1. Between 11 to 14 January, security force occupied Kunna and Chotegadam villages of Sukma district. A combing operation by the DRG, CRPF, COBRA (around 500 to 600 troops) was being conducted in the area.

2. The forces initially occupied a school but later occupied homes of people.

3. During the first two days the forces sexually assaulted many women. At least two women were raped by the forces. Women were stripped, beaten and verbally assaulted. Young girls were also stripped by the forces.

4. On 12 January several men and women from Kunna were taken into custody (see annexure 2 for details). On the way to one police camp, five men and five women were continuously beaten and the 5 women were also stripped and sexually assaulted. Apart from these, three boys were kept in illegal custody and forced to sign on a blank pieces of paper.

5. Twenty-one-year-old Lalu Sodi was severely beaten by the security forces on 12th January. He died two days after, and the villages did not report the death as they feared further intimidation from the security forces.

6. Livestock was consumed by the forces, houses were broken into and implements were stolen by the men in uniform (See Annexure 2).

7. The team found the people of Kunna in a state of shock and their everyday life had become difficult because of the violence by the forces.

8. Finally, an FIR was filed on 27th January, 2016 after a harrowing process by activists and the women of Kunna village (See page 15 for details)

9. Chotegadam village witnessed a similar pattern of plunder and violence (See pp 11-12 and Annexure 2 for further details)

Nendra Village

1. Between 11 and 14 January, security forces occupied Nendra village(Bijapur). Four to five batches of police and security forces (CRPF, DRG, Koya) conducted search and combing operations while being stationed there.

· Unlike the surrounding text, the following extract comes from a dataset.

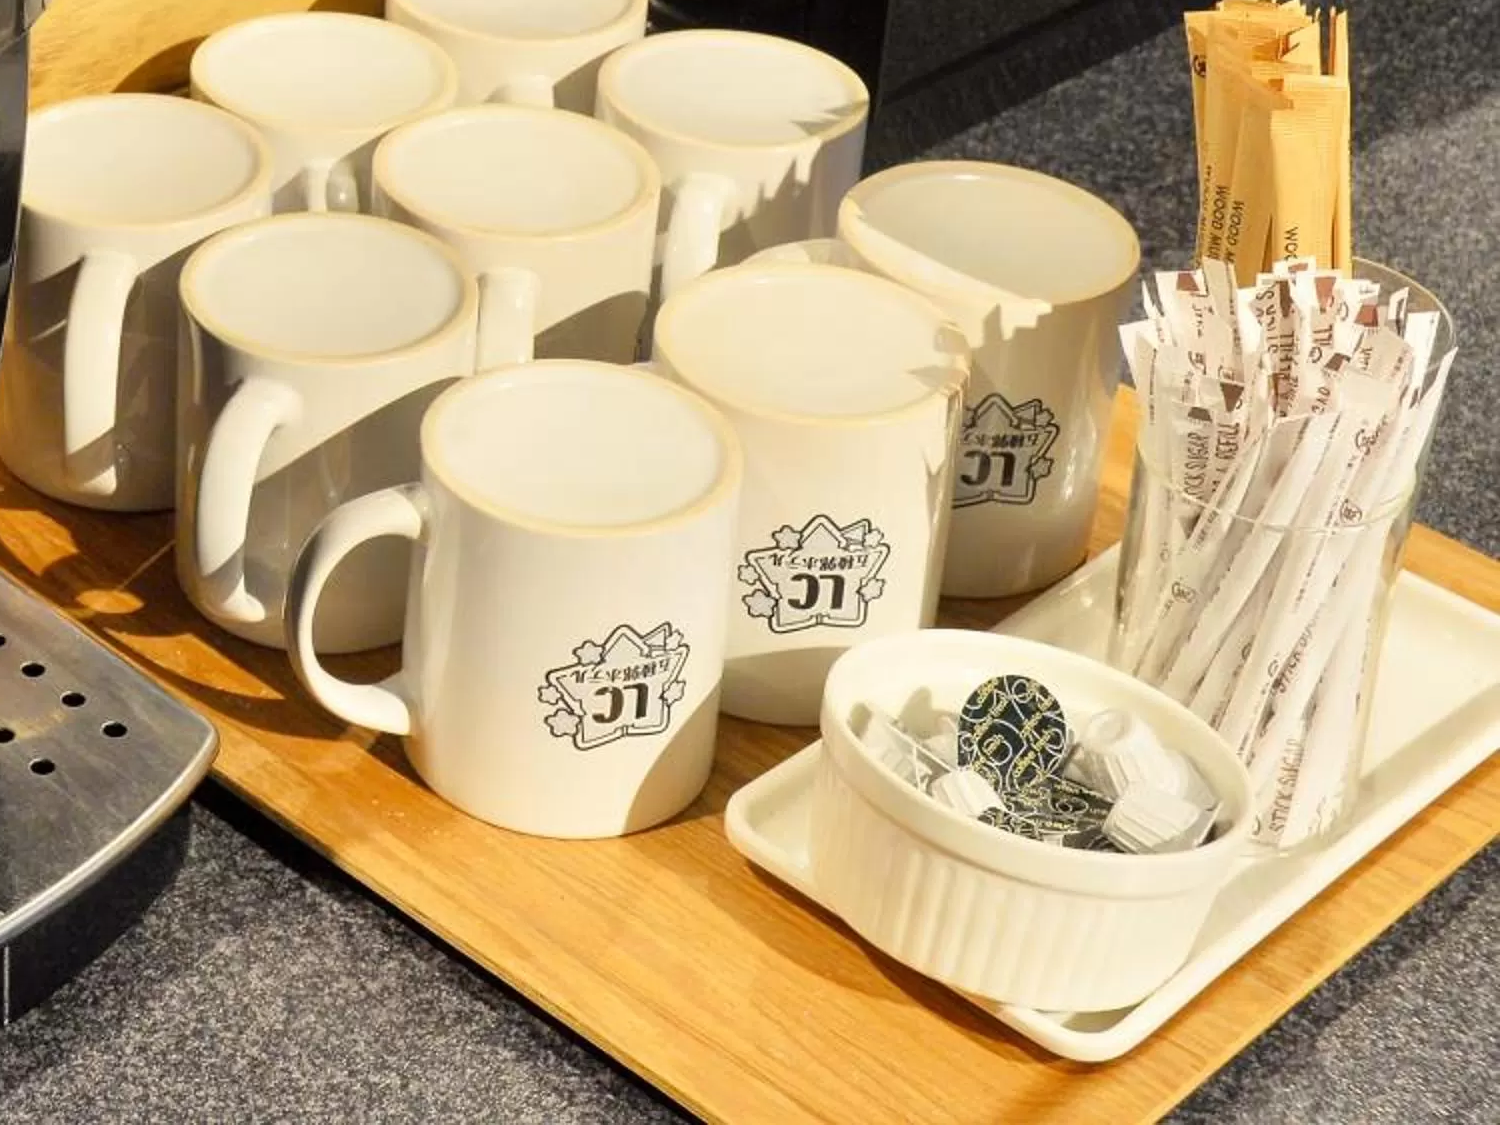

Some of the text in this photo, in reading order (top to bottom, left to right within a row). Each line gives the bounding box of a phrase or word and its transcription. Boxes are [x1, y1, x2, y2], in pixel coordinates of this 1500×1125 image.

[959, 449, 1018, 488] LC
[788, 573, 846, 611] LC
[592, 683, 649, 725] LC

2. The men of the village fled immediately as staying back would have meant either getting beaten up or being implicated in false cases. The security forces occupied houses of villagers.

3. Over thirteen instances of gang rape were reported by the women. Many other women were disrobed, molested, subjected to verbal abuse. Women’s faces were covered with a towel or even a mosquito net when rapes took place.

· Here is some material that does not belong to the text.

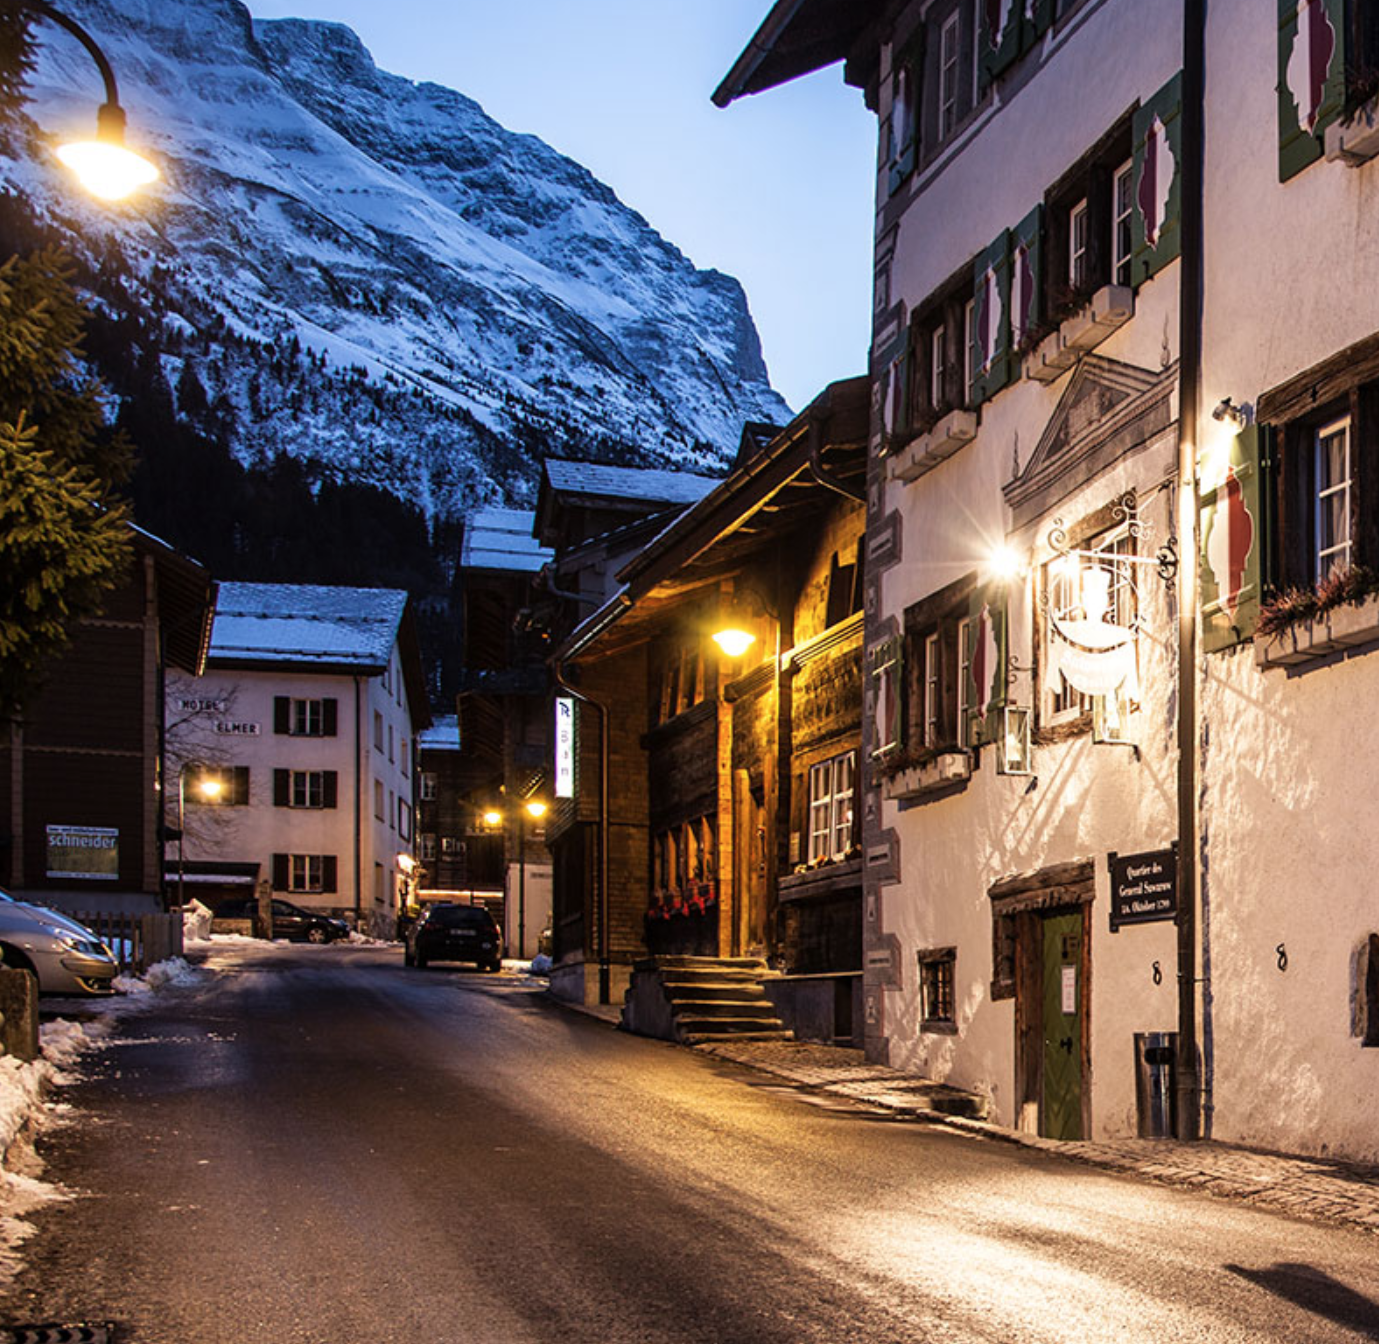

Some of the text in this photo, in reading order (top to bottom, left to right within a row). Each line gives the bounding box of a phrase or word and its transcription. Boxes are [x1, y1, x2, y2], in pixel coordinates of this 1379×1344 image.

[182, 700, 219, 711] HOTEL
[217, 723, 257, 733] ELMER
[50, 833, 116, 849] schneider
[1119, 882, 1143, 897] General

4. The forces not only threatened to burn down the houses with children inside but also threatened the women with the kind of violence they experienced during the time of Salwa Judum.

5. The security forces also looted rations, consumed poultry causing huge economic loss to the already impoverished villagers. (See annexure 3 for more details)

6. When women asked the security forces for money for the rations they had consumed the women were beaten up with lathi and rifles. Older people were also beaten (See Annexure 3 for details)

7. On 18 January, 2016, members from the fact finding team along with 12 women of Nendra went to the Collectorate to bring to his attention the incidents in Nendra. However, the women had to wait till the 21 January to get their FIR registered, that too after a prolonged struggle with the administration. (see page 16 of the report for details)

State Response

A significant part of the team’s energies went into meeting officials in a bid to register FIRs against the accused. In all three cases the response of the administration was one of insensitivity and hostility. In the case of the fake encounter at Peddajejor, the official response was of “we will look into the matter”. The efforts involved in filing the FIR in the Kunna case took almost 13 days of constant pressure by the survivors and team members. In the Nendra incident, even when the Collector ordered the recording of statements, the police refused. Only after the fact-finding team was able to meet members of the NCW (National Commission of Women) who were collecting information regarding the infamous Peddagellur incident of October 2015, that the FIR was finally lodged on 21st January.

These incidents, along with the climate of fear that has been created for ordinary villagers, activists, lawyers and journalists, needs to be seen in the light of Mission 16, which forms the governments objective in eliminating Maoists and handing over these lands to mining companies.